Q2 office leasing activity in Western Europe saw highest take up since 2006
The euro zone economy continued to outperform initial forecasts for this year. Second quarter 2017 office leasing activity saw the highest take up in Western Europe since 2006, according to JLL’s Office Property Clock Q2 2017 report.
Economic tailwinds, such as election results in the the Netherlands and France that reinforced EU unity, are in line with the overall office market performance, where leasing activity continues apace on the back of strengthening employment.
European office vacancy decreased by 20 basis points to 7.8 percent in second quarter, the lowest since fourth quarter 2008, according to the report. Second quarter office completions totaled 981,000 square meters. While this is up 9 percent from first quarter, it represents a 22 percent decline on the 10-year second quarter average.As development activity is set to increase across the Big 5 German cities, vacancy rates are likely to stabilize toward the end of 2017.
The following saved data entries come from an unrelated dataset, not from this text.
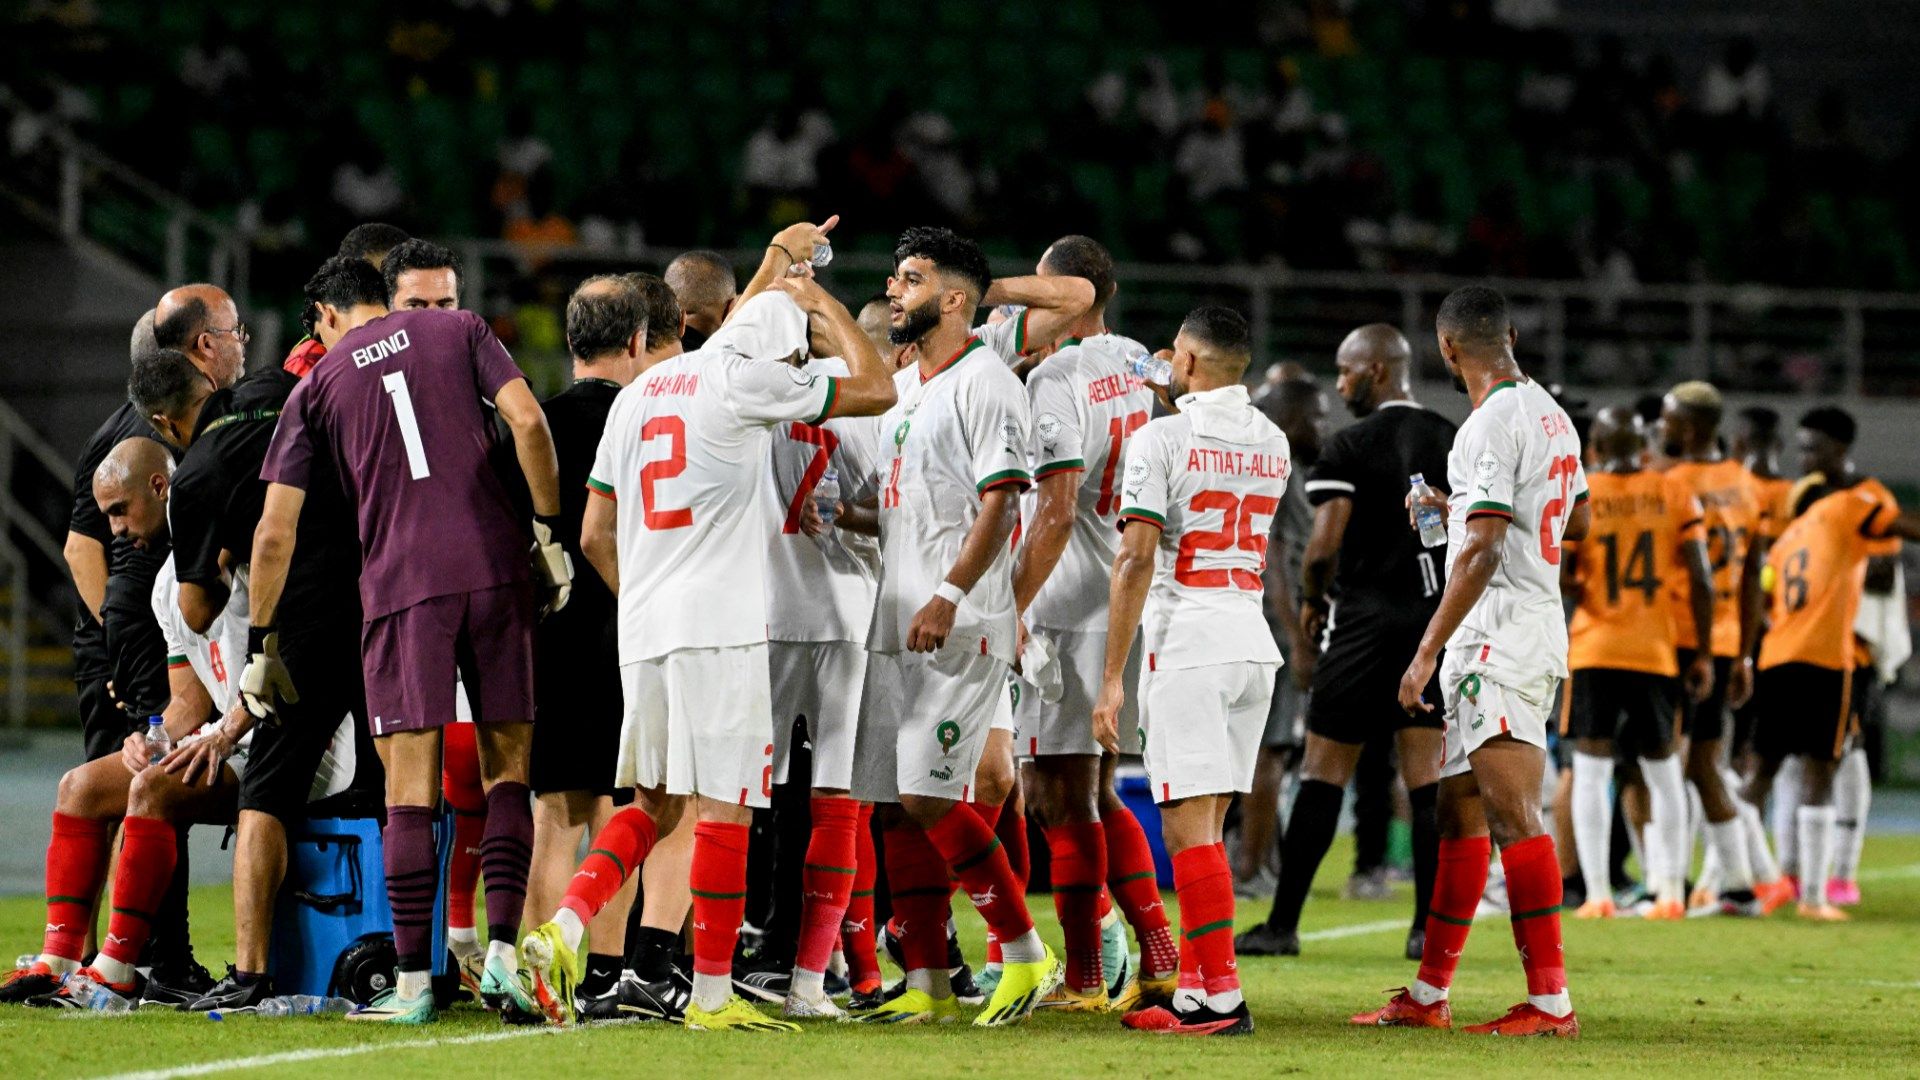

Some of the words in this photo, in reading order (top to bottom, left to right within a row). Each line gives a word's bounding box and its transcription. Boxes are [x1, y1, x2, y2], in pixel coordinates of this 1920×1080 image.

[352, 329, 410, 369] BONO
[643, 374, 698, 397] HAKIMI
[1088, 373, 1148, 406] ABDELHA
[382, 370, 430, 480] 1
[640, 415, 693, 531] 2
[783, 421, 839, 534] 7
[884, 457, 902, 509] 11
[1174, 489, 1280, 591] 25
[1598, 529, 1662, 606] 14
[209, 640, 228, 690] 4
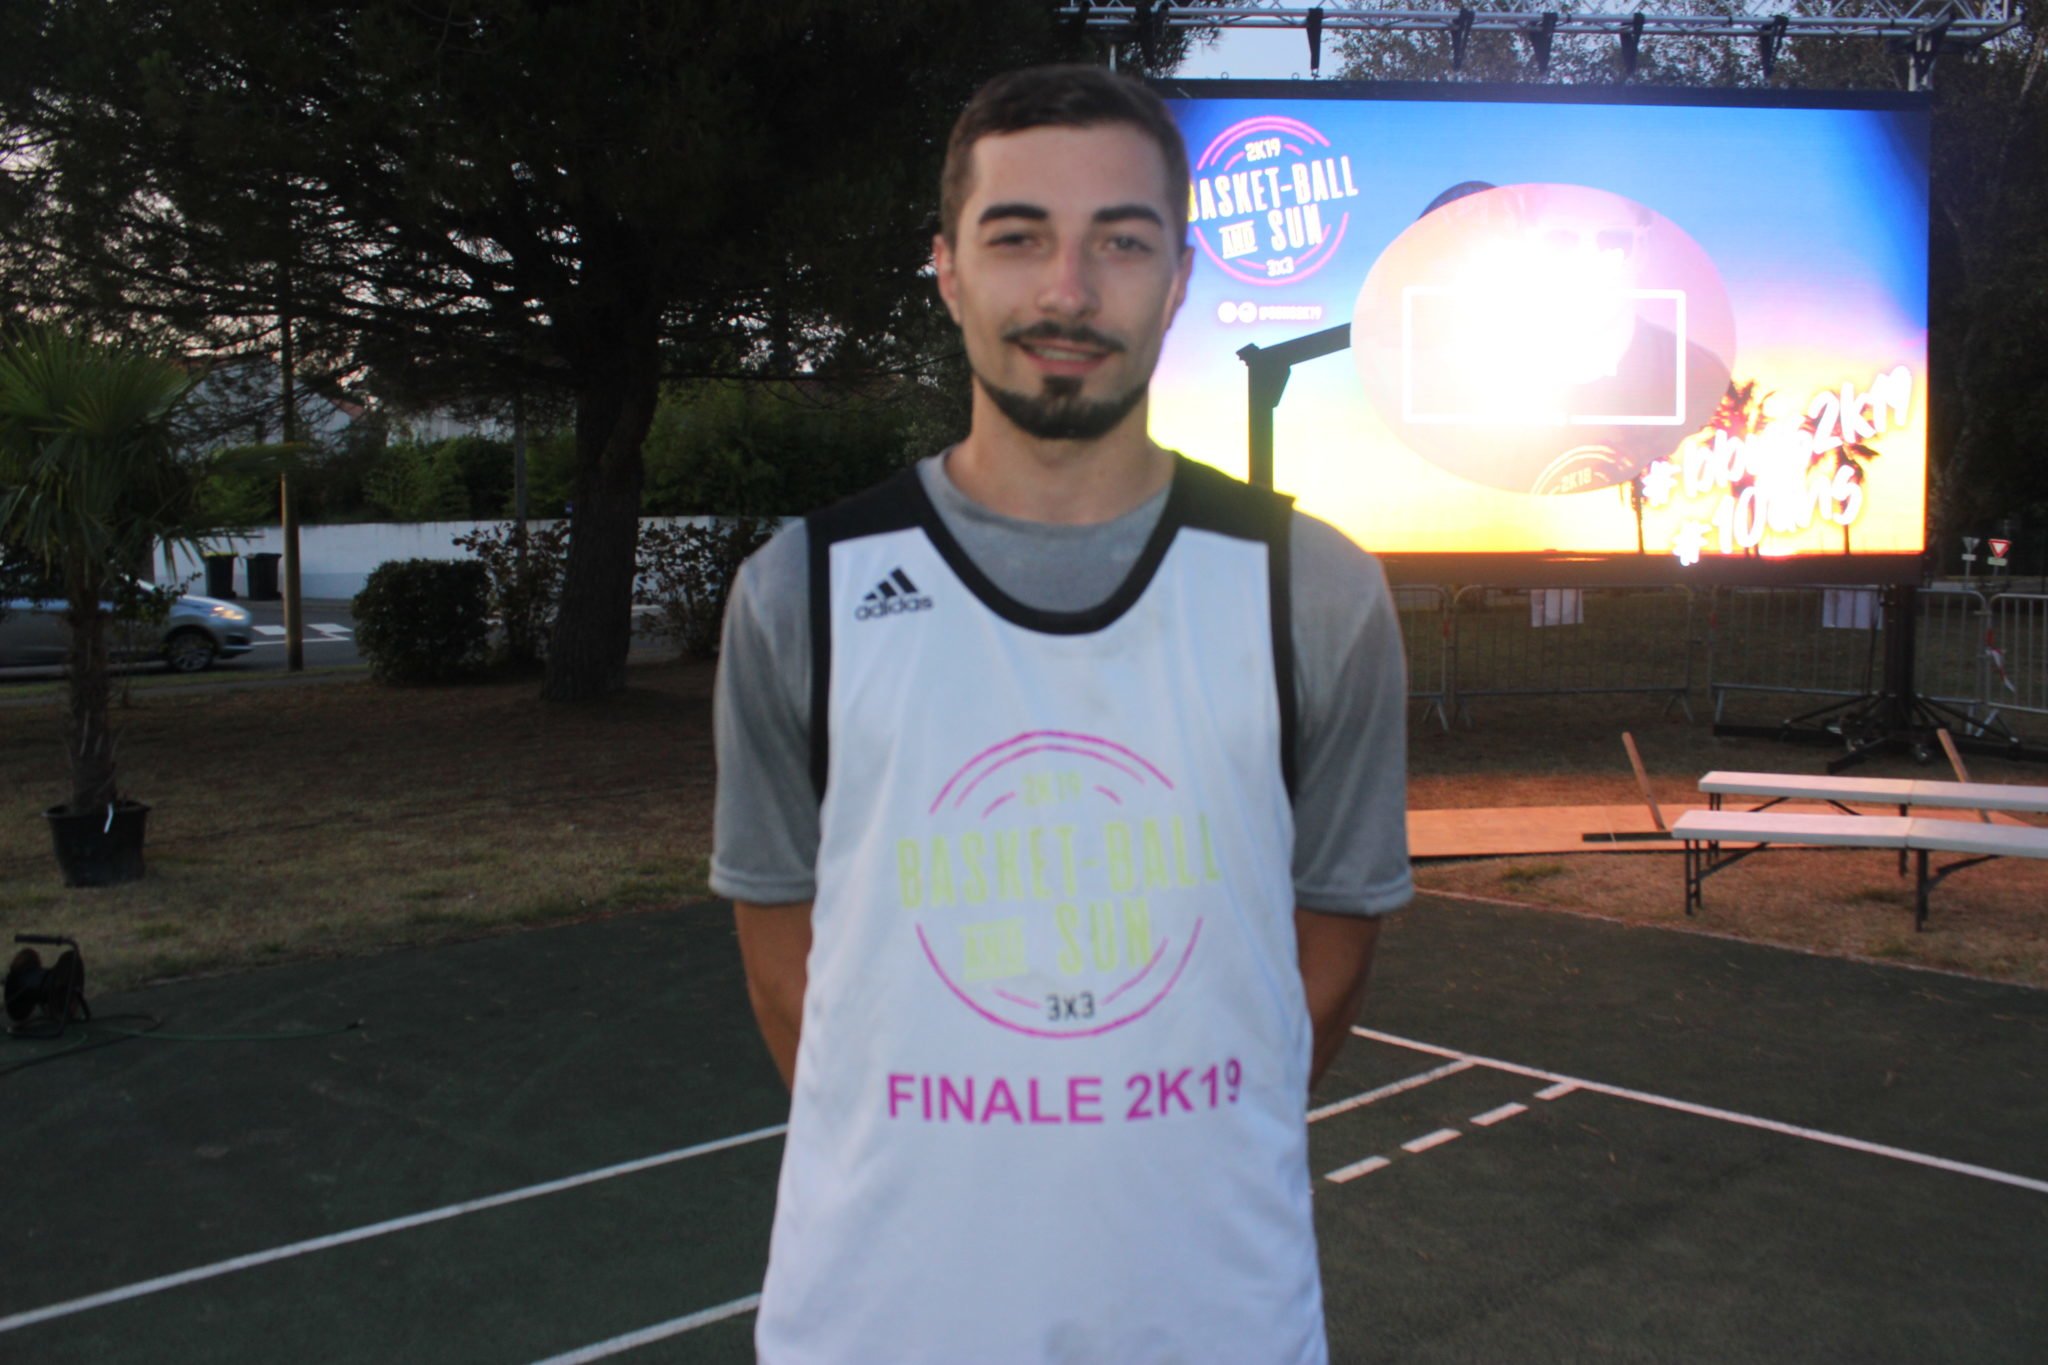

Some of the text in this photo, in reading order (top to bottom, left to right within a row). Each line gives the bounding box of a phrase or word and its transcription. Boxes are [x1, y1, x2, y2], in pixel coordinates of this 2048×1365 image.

[1267, 204, 1323, 252] SUN
[855, 596, 933, 621] adidas
[1022, 772, 1082, 806] 2K19
[897, 812, 1222, 910] BASKET-BALL
[1055, 897, 1152, 975] SUN
[887, 1057, 1243, 1125] FINALE 2K19
After an active first quarter 2017, robust occupier demand pushed European office take-up to 2.9 million square meters in second quarter 2017. While the total European aggregate was down 3 percent in second quarter 2016, activity in Western Europe was up by 3 percent year-over-year. JLL forecasts European take-up to reach approximately 11.8 million square meters in 2017 as demand continues to expand in Europe.
The European Office Rental Index rose by 1.1 percent quarter-over-quarter in second quarter as well, and at 2.1 percent, annual European office rental growth continues to exceed the 10-year average of 1.2 percent. In addition, excluding the United Kingdom, rental growth reached 3.6 percent in second quarter, highlighting intensifying occupier activity across mainland Europe.